I’M NOT SURE!
I am not sure I want to watch my salt intake as I get older.
I don’t think I want to watch my calorie intake or make sure I am exercising at least three days a week.
I think I am fine where I am at.
When I was growing up….
When I was growing up, I played sports. Not like they do now—with water breaks and professional trainers. I grew up where you go to the practice field right after school, when most of the weather reporters are logging the hottest part of the day, you are in your practice uniforms doing stretching and calisthenics because the three-hour afternoon practice is going to be a bitch. So, we took salt tablets, because, well, we needed to-we were told. We had one drinking fountain and Coach Johnson, still recovering from the night before, would yell at us for lingering on our one water break.

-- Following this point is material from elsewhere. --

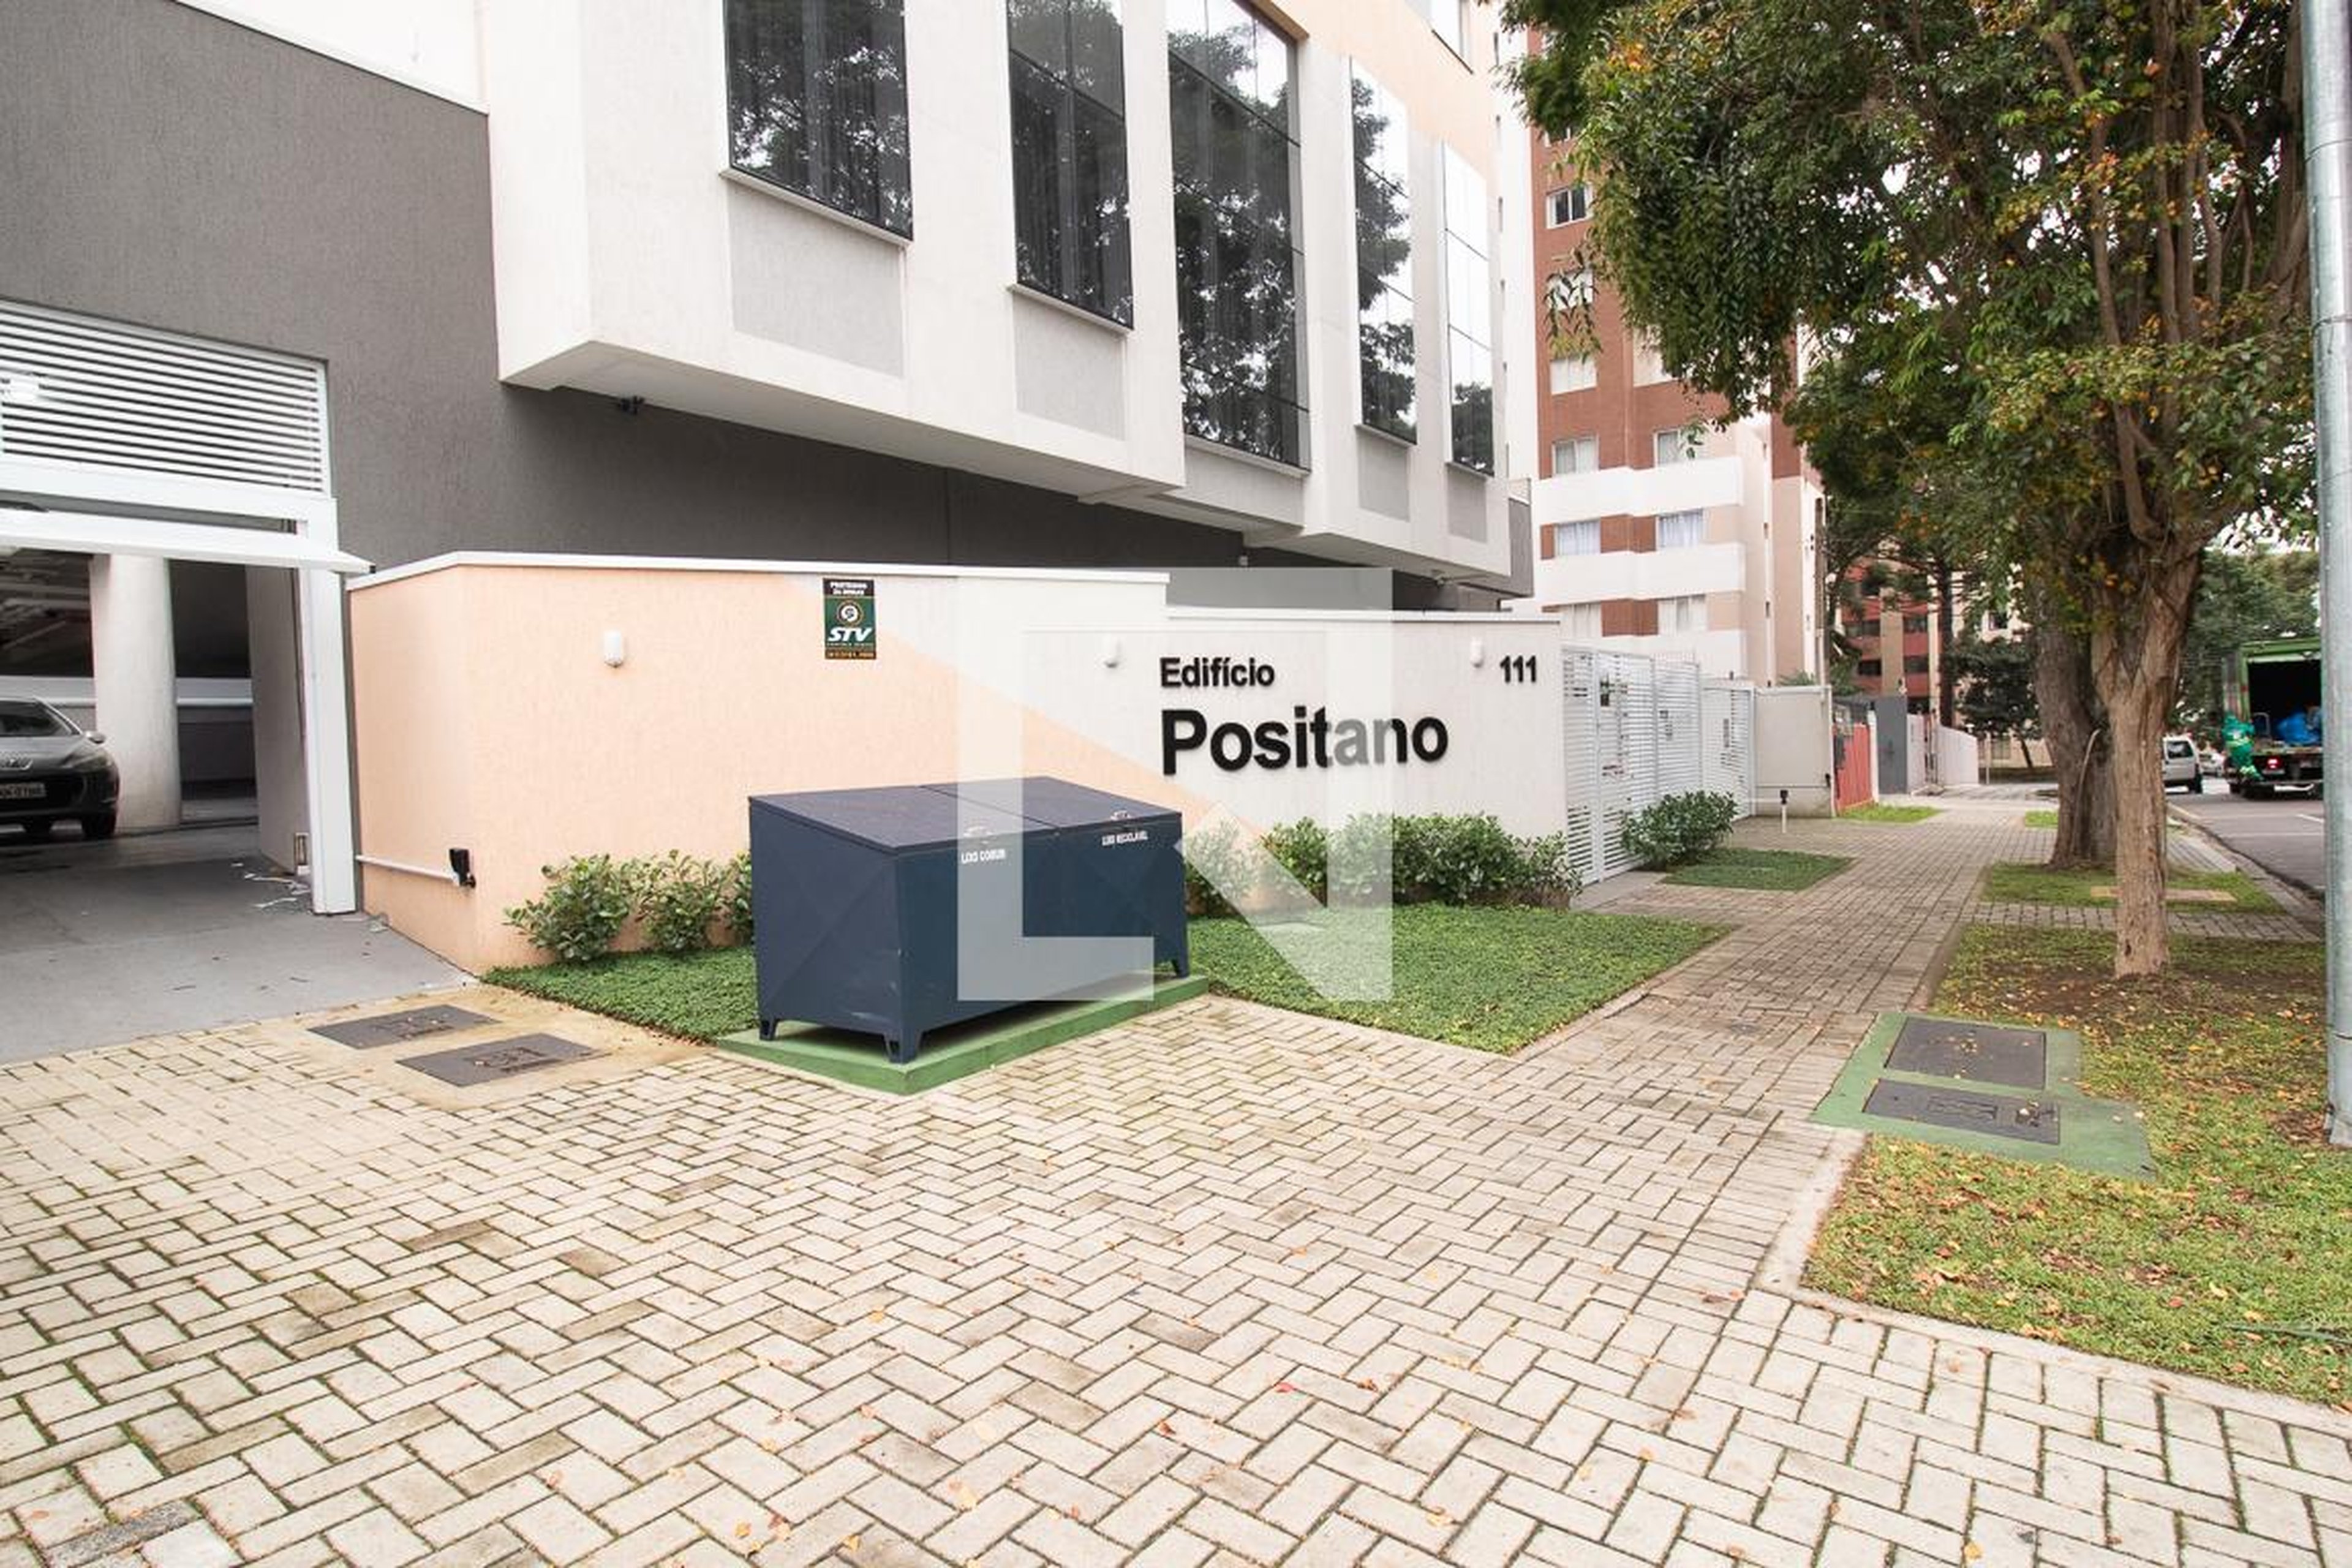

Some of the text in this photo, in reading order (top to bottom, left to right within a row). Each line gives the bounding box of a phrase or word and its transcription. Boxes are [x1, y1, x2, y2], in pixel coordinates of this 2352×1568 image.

They didn’t make ‘plastic water bottles’ back then. Growing up, there was a garden hose if you wanted water when you mowed your lawn.
I think if you get to a certain age, you should be able to coast. Like get off my back about cholesterol numbers, heart murmurs, hearing loss, sty’s in your eye. If your urine stream isn’t so ‘robust’ it’s okay. You won’t need it much longer anyway. And who wants a urine stream that involves a recoil?
Now, don’t get me wrong, I think watching your weight and general health is a good thing. I want to be able to get up from the couch and not have to turn sideways to go down a hall, but after a while—after you reach a certain point, it’s like you crossed the finish line but are still required to do laps, at least according to the twenty-eight-year-old TV trainer named Crash.
I don’t want to do laps….
I don’t want to do laps. I don’t want to eat kale. Ever. I will never be one of those actors that pop up on my computer-‘click below to see so-n-so at ninety-four still schlepping it in their tank top and swimsuit!’ Do you know how many kale salads that person had to eat and sacrifice to do that? And frankly, no one wants to see you at ninety-four in a tank top and swimsuit. Sure, you might not look ninety-four, but you definitely look eighty-seven!
I want to be flexible. I want to be able and put shoes on AND see my feet. I want to walk with almost no end. My knees are done so I can’t run anymore but I can bike ride. As long as I don’t try to leap the canal-again. I can do that at this age because I ate the salt tablets and didn’t drink water on demand. Costco hotdogs are a main food source along with Costco food sample stations. I trained my body to go without.
Sure, I could have died….
Sure, I could have died in the early days. Some did. But Ponce De Leon lost some crew when he went exploring looking for brave new worlds, pushing the envelope. Who wants to live in a world where you can’t put a dollop of mayo on a slice of cheese and make two bites out of it? I certainly don’t. And that little tail of fat on your ribeye steak many kale eaters cut off and throw out, that is like the dessert portion of a steak dinner. I’m not talking every day. Just sometimes, like on ribeye steak day.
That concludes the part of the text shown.